La sentenza
Giustizia
Niente multe ai No Vax, le ragioni della destra e la scomoda posizione di chi ha già pagato
La possibilità di rivedere le scelte, sia pur contraddicendole, è una fra le maggiori prerogative dei pubblici poteri, se ragionevolmente utilizzata
La (parziale) cancellazione – nel c.d. “milleproroghe” 2025 – delle sanzioni a coloro che avevano eluso l’obbligo di assumere il vaccino anti Covid-19 si presta, a prima lettura, a plurime interpretazioni. Secondo una linea di realpolitik, la scelta evidenzia il primo, tangibile allineamento alla nuova amministrazione americana, stante la nomina di Kennedy jr., noto per le sue posizioni no-vax. La seconda, pessimista, si collega al pensiero di un noto giurista del secolo scorso che predicava la pazienza dinanzi a norme contraddittorie, in quanto – a suo dire – il legislatore è anche all’occasione un “dissociato mentale”. C’è però una ulteriore variabile investigativa della vicenda che qui si passa ad illustrare. Non sembra suscettibile di dubbio che i vaccini siano una rilevante ed indiscutibile conquista scientifica.
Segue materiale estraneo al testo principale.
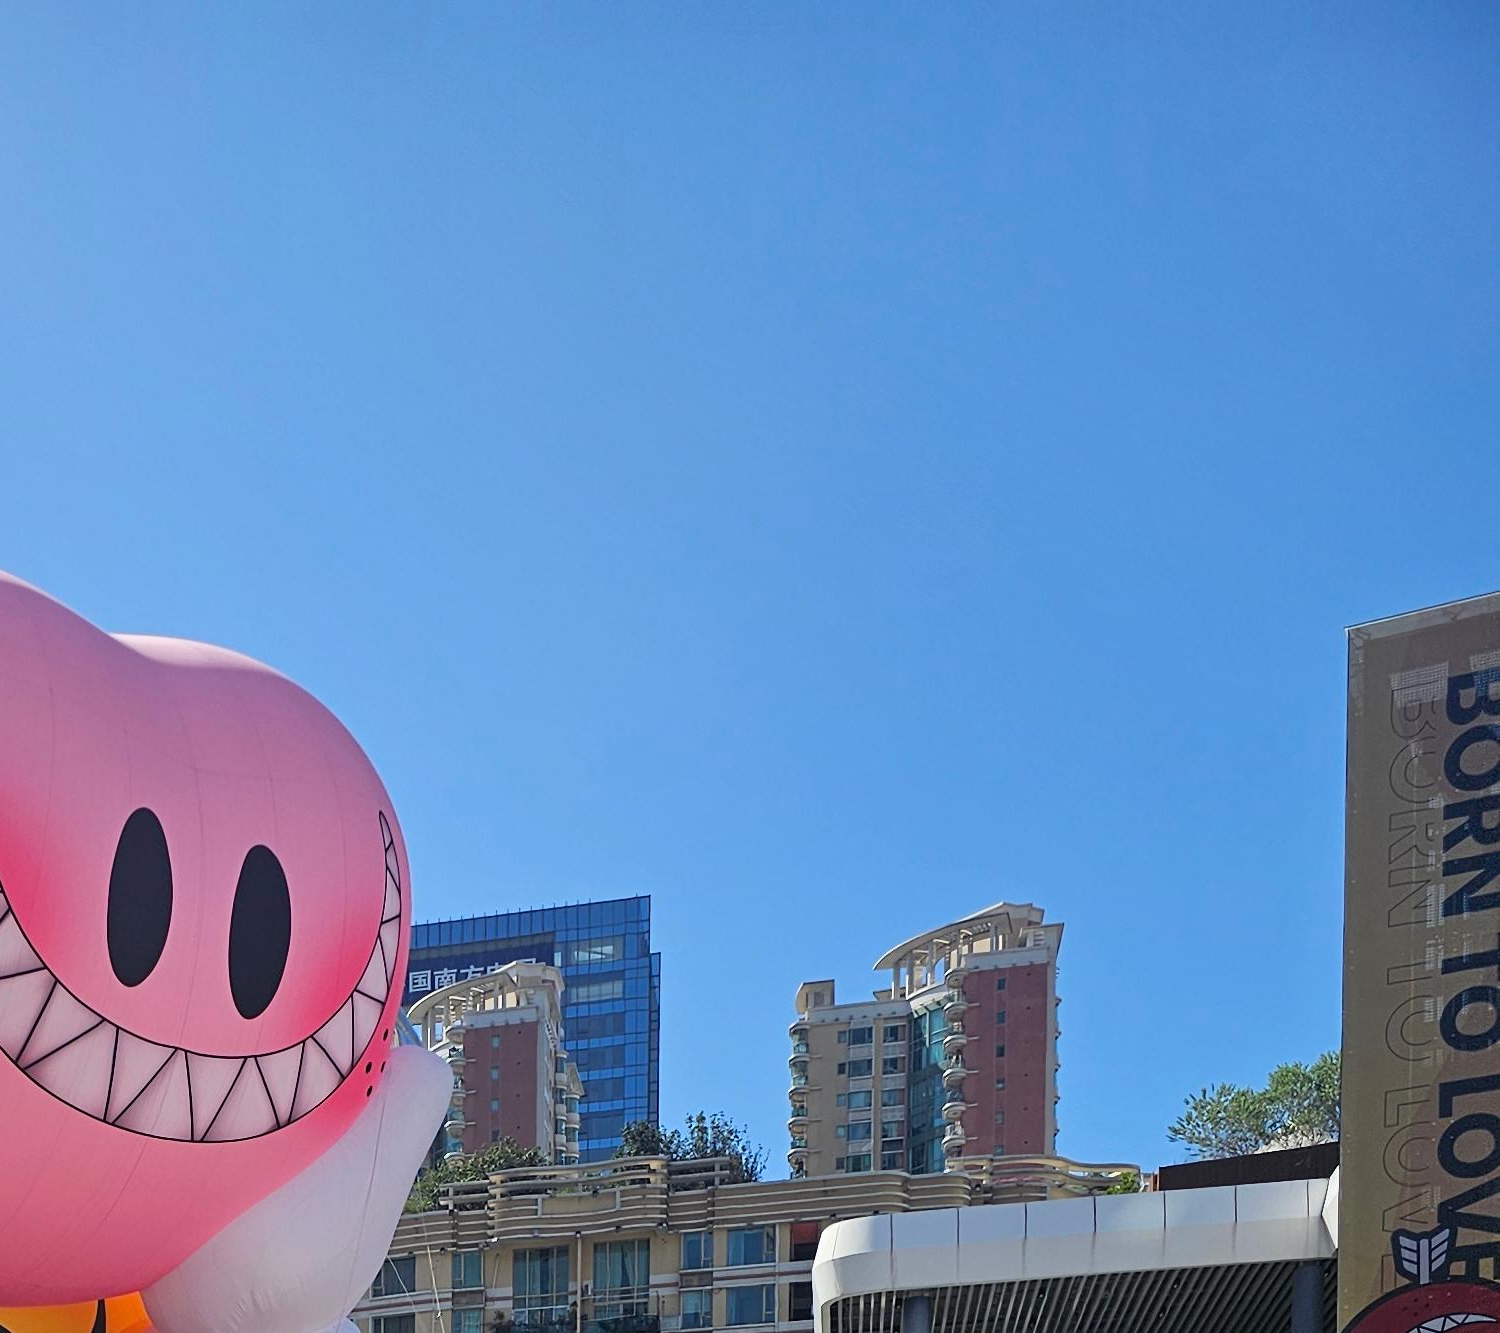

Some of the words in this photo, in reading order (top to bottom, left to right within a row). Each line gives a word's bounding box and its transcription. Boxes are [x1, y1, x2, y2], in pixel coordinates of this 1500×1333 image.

[1442, 667, 1500, 917] BORN
[409, 957, 537, 993] 国南方
Proprio perché rappresentano una vetta della evoluzione medica, caratterizzante società evolute, i vaccini pongono parimenti il problema della generalizzazione dei trattamenti sanitari obbligatori, stante le possibili conseguenze negative che dalla loro somministrazione possono arrecarsi ai vaccinati. V’è quindi un difficile punto di equilibrio da raggiungere fra tutela della salute collettiva, pubblica e rispetto della volontà del singolo.
Il diritto alla salute
Come ha osservato la Corte Costituzionale, “l’imposizione dell’obbligo vaccinale non può ritenersi irragionevole. Deve considerarsi che la scelta costituisce una delle possibili modalità di contemperamento tra la dimensione individuale e quella collettiva del diritto alla salute. Essa, infatti, rappresentava una risposta alla emergenza pandemica portatrice di una serie di vantaggi, in considerazione della situazione sanitaria in atto, per affrontare la quale era indispensabile assicurare una tempestiva e uniforme attuazione dell’obbligo vaccinale”, (Corte Costituzionale sentenza del 5 ott 2023 n. 185).
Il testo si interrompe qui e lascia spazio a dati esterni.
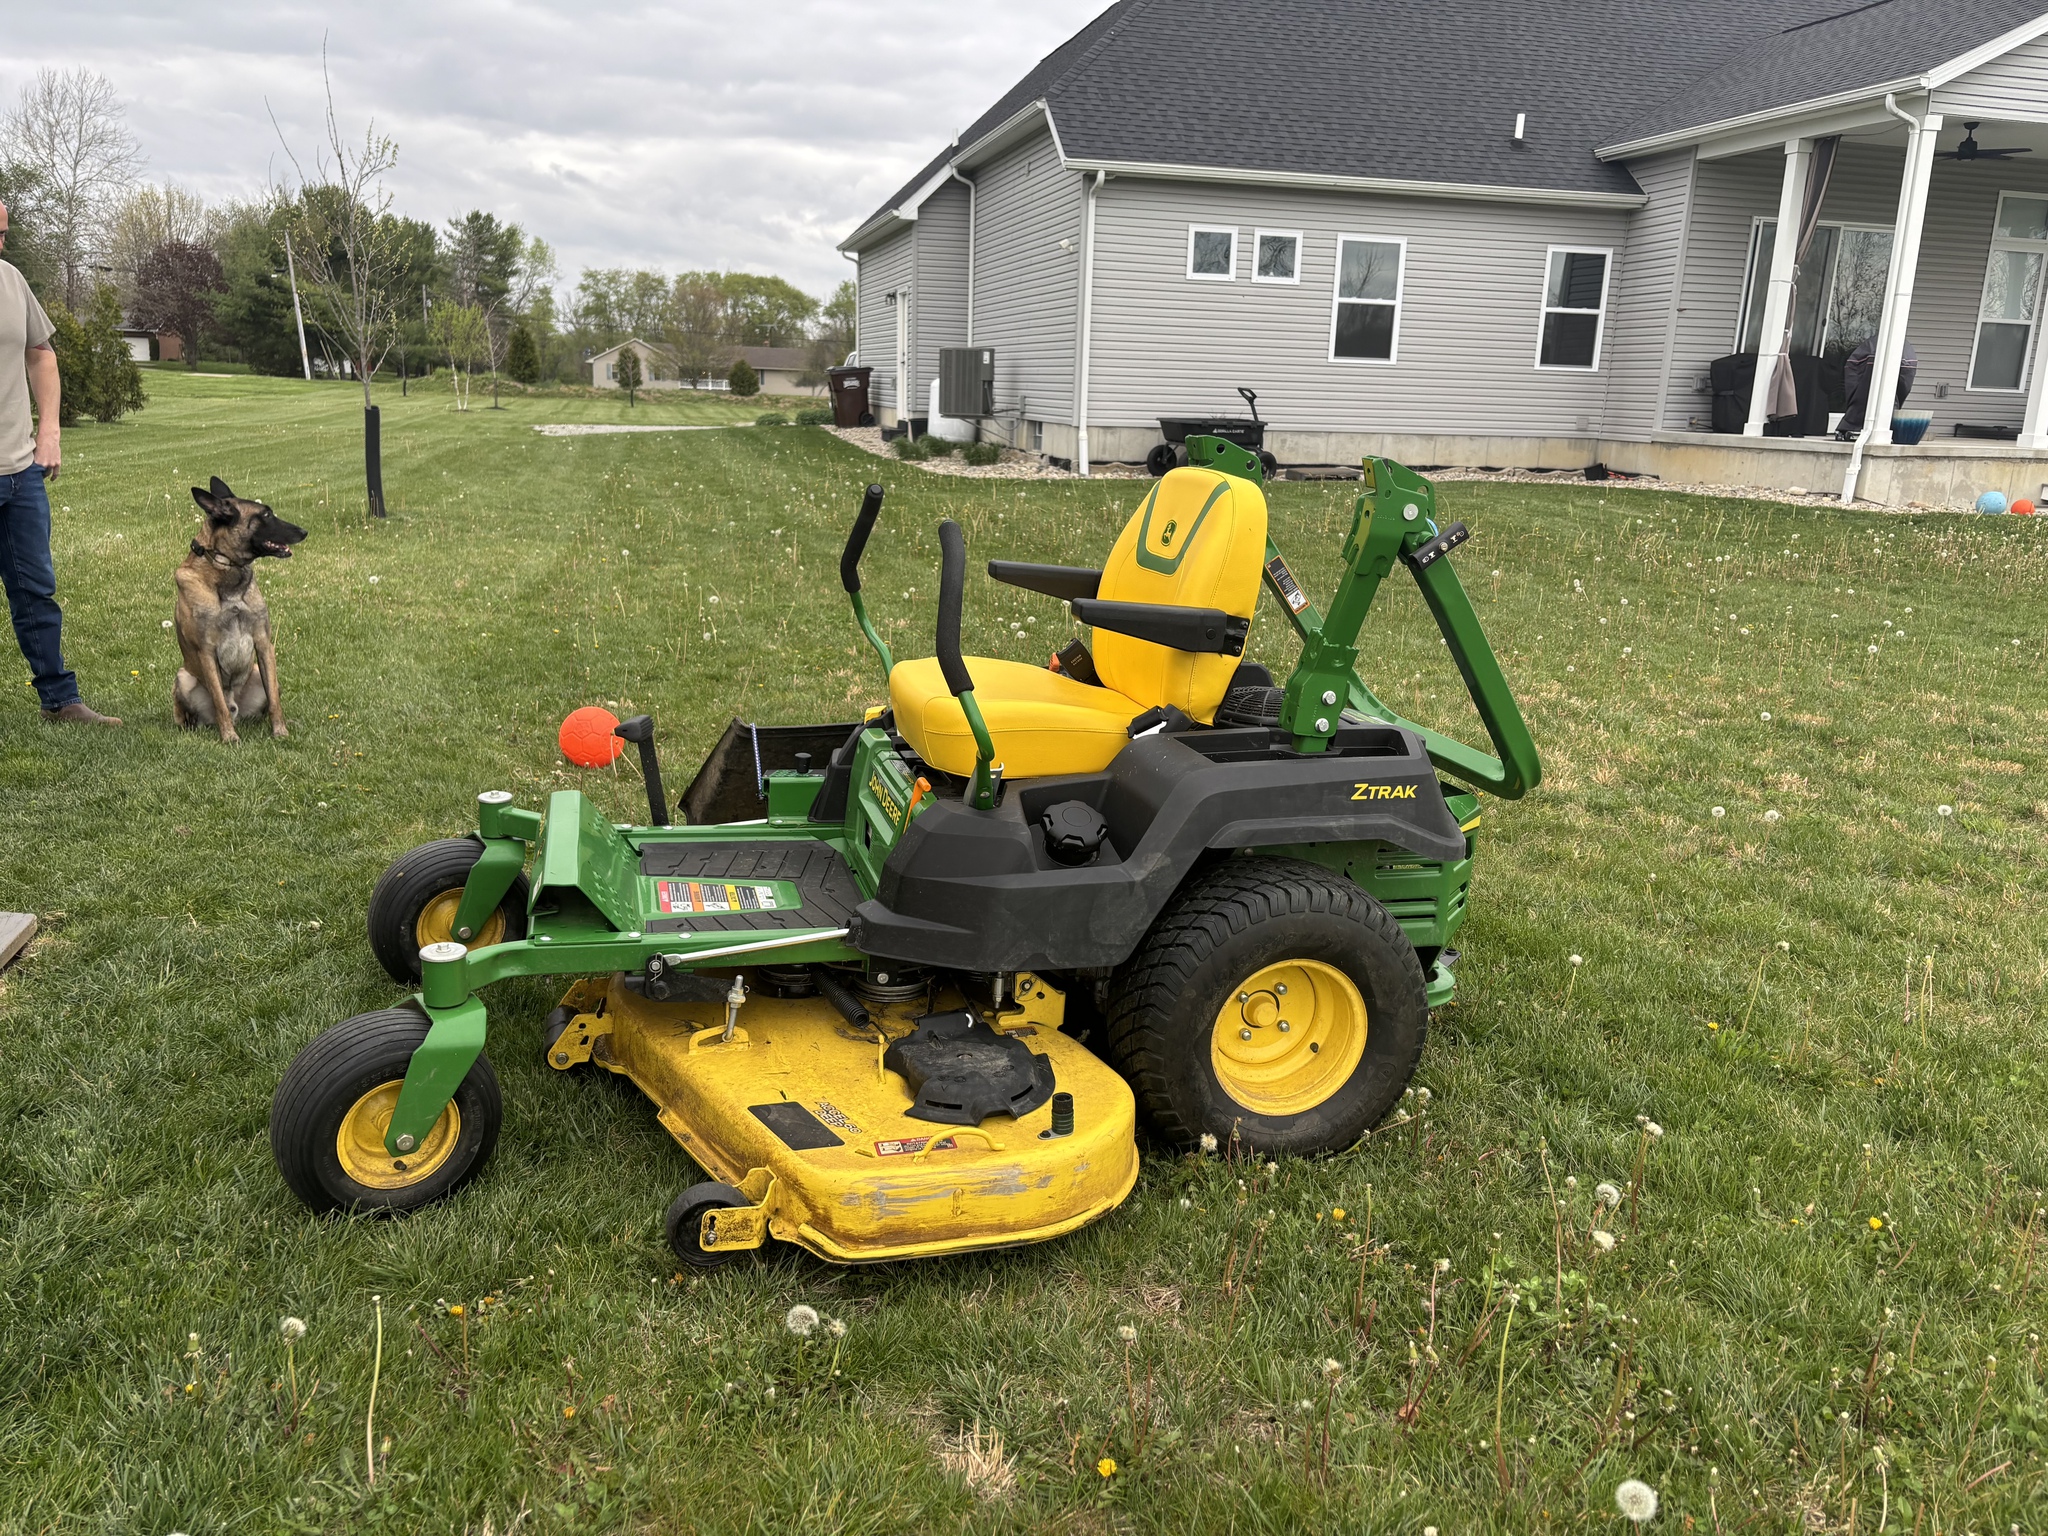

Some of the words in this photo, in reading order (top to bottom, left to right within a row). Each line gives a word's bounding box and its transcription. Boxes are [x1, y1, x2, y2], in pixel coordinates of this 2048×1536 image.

[869, 771, 883, 801] JOHN
[881, 789, 902, 826] DEERE
[1350, 783, 1419, 801] ZTRAK
[813, 1110, 845, 1128] DEEP
[814, 1101, 850, 1124] ACCEL
[844, 1123, 863, 1134] 60
Può allora concludersi che eccezionalmente – ripetesi, eccezionalmente – la scelta del legislatore di rivedere il meccanismo sanzionatorio sia legittimata dalla superiore finalità di chiudere, anche sul piano afflittivo, una pagina epidemica, fra le più dolorose della storia planetaria. È noto che il potere di rivedere le proprie scelte, sia pur contraddicendole, è una fra le maggiori prerogative dei pubblici Poteri, se ragionevolmente utilizzata: il divario rispetto al singolo è, infatti, di rilevante spessore, posto che per il cittadino vige generalmente il divieto di venire contra factum proprium.
La macchina punitiva bloccata
Orbene, è stata giusta la determinazione del Parlamento di sanzionare, in quel momento topico, coloro che rifiutavano la vaccinazione, attesa la drammaticità e soprattutto la scarsa conoscenza del fenomeno in atto, giustificabile la successiva determinazione – quasi una pax vaccinale – di bloccare la macchina punitiva, ora (e solo ora) che l’emergenza – si spera – sembra passata e lontana.
Se questo contesto esplicativo fosse valido, ne risulterebbe anche la razionalità del mancato rimborso a chi ha già pagato. È il fattore tempo che assume, infatti, rilevanza decisiva: è esclusivamente la valutazione all’oggi (hin et nunc) che offre la possibilità di rivedere la scelta comminatrice, valida – giova ancora ribadirlo – nel momento in cui le sanzioni erano da considerarsi indispensabili.